BERLIN. Überhitzte Klassenräume, Schulhöfe ohne Schatten, Gebäude, die für immer heißere Sommer kaum gerüstet sind: Die SPD-geführten Bundesministerien wollen die Anpassung an die Folgen des Klimawandels beschleunigen – und dafür auch die Finanzierungsregeln zwischen Bund und Ländern verändern. Kern eines neuen Aktionsprogramms ist die Forderung, Klimaanpassung noch in dieser Legislaturperiode als Gemeinschaftsaufgabe im Grundgesetz zu verankern. Damit könnte sich der Bund dauerhaft an Maßnahmen beteiligen, die bislang Sache von Ländern und Kommunen sind – etwa an Schulen. Dagegen regt sich allerdings Widerstand in der Union.

„Wir spüren jetzt, dass Europa dem Klimawandel stark ausgesetzt ist. Unternehmen merken, dass ihre Angestellten bei Hitze weniger produktiv sind. Bauern fehlt das Wasser. In den Seen und Flüssen sterben die Fische, weil sie die hohen Temperaturen nicht vertragen. Die Szenarien und Warnungen der Wissenschaft decken sich immer mehr mit der Alltagserfahrung der Menschen“, erklärte Bundesumweltminister Carsten Schneider (SPD) unlängst im Spiegel. „Wir werden Teile unseres Alltags anpassen müssen.“
Das Problem zeigt sich in Schulen unmittelbar: Viele Gebäude stammen aus einer Zeit, in der Schutz vor wochenlanger Sommerhitze bei Planung und Sanierung keine Rolle spielte. Soll der Bund künftig systematisch dabei helfen können, solche Gebäude an steigende Temperaturen anzupassen, müsste sich nach Auffassung von Schneider allerdings zunächst die Verfassung ändern.
Bislang sind dem Bund enge Grenzen gesetzt. Schulen fallen grundsätzlich in die Zuständigkeit der Länder und Kommunen. Das gilt auch für Maßnahmen zur Klimaanpassung. Der Bund kann zwar unter bestimmten Voraussetzungen mit Förder- und Modellprogrammen unterstützen. Eine dauerhafte und flächendeckende Finanzierung kommunaler oder Länderaufgaben ist ihm jedoch nicht ohne Weiteres möglich.

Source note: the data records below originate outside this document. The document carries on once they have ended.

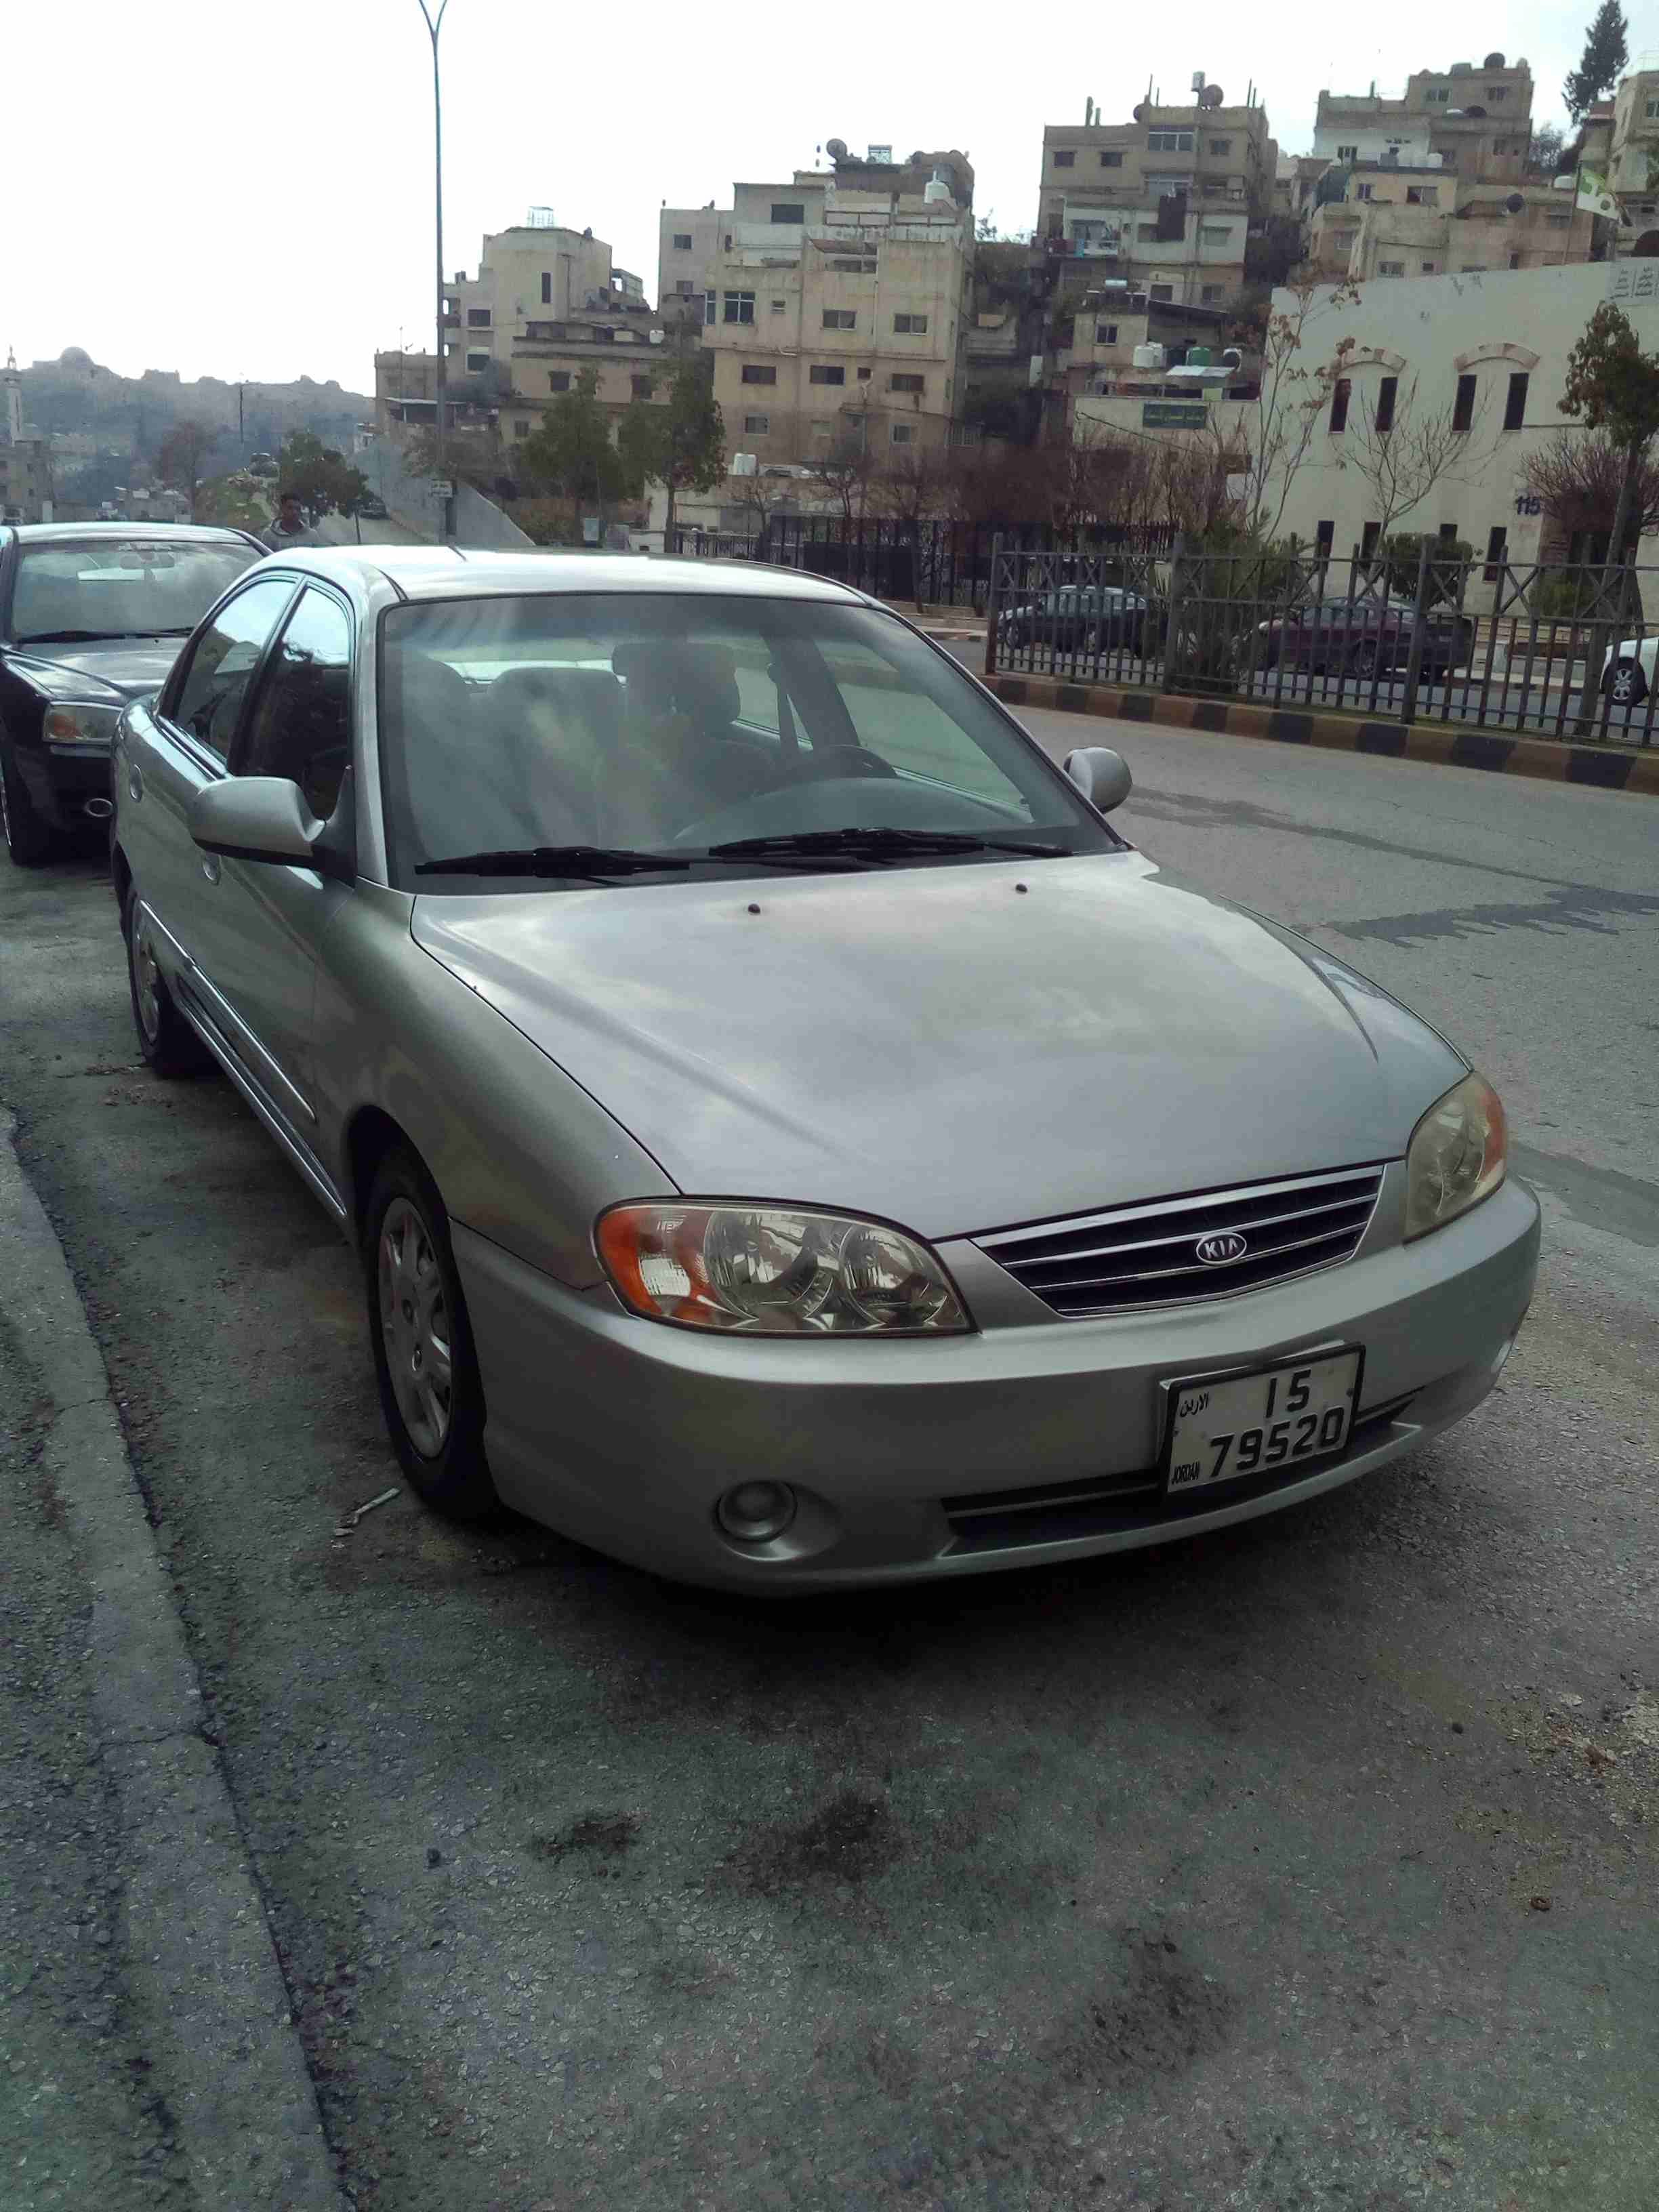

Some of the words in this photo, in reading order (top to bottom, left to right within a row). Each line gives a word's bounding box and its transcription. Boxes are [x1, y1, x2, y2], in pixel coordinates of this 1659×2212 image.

[1515, 495, 1540, 516] 115
[1204, 1238, 1238, 1258] KIA
[1265, 1369, 1311, 1418] 15
[1210, 1407, 1345, 1477] 79520
[1172, 1461, 1200, 1484] JORDAN

Genau diese Grenze will die SPD verschieben. Ein vierseitiges Aktionsprogramm, das die SPD-geführten Bundesministerien für Umwelt, Finanzen, Arbeit, Bauen und Entwicklung erarbeitet haben, sieht ein Bündel von Maßnahmen gegen Hitze, Dürre, Waldbrände, Niedrigwasser und andere Folgen des Klimawandels vor. Zentral ist die Forderung nach einer neuen „Gemeinschaftsaufgabe Klimaanpassung und Naturschutz“.
Sie sei „Voraussetzung dafür, dass der Bund sich an der Finanzierung von Kommunal- bzw. Länderaufgaben beteiligen und somit langfristig, rechtssicher und flächendeckend bei Maßnahmen der Klimaanpassung und des Naturschutzes mitwirken kann“, heißt es in dem Papier.
Für Schulen könnte das erhebliche Bedeutung bekommen. Denn die Frage, wie Gebäude und Außenflächen gegen zunehmende Hitze gerüstet werden, reicht von Verschattung, Begrünung und Bäumen über baulichen Wärmeschutz bis hin zu technischer Kühlung. Der SPD-Vorstoß zielt darauf, dem Bund für solche Investitionen an Schulgebäuden und Krankenhäusern eine dauerhafte Mitfinanzierung zu ermöglichen, statt ihn auf einzelne Programme zu beschränken.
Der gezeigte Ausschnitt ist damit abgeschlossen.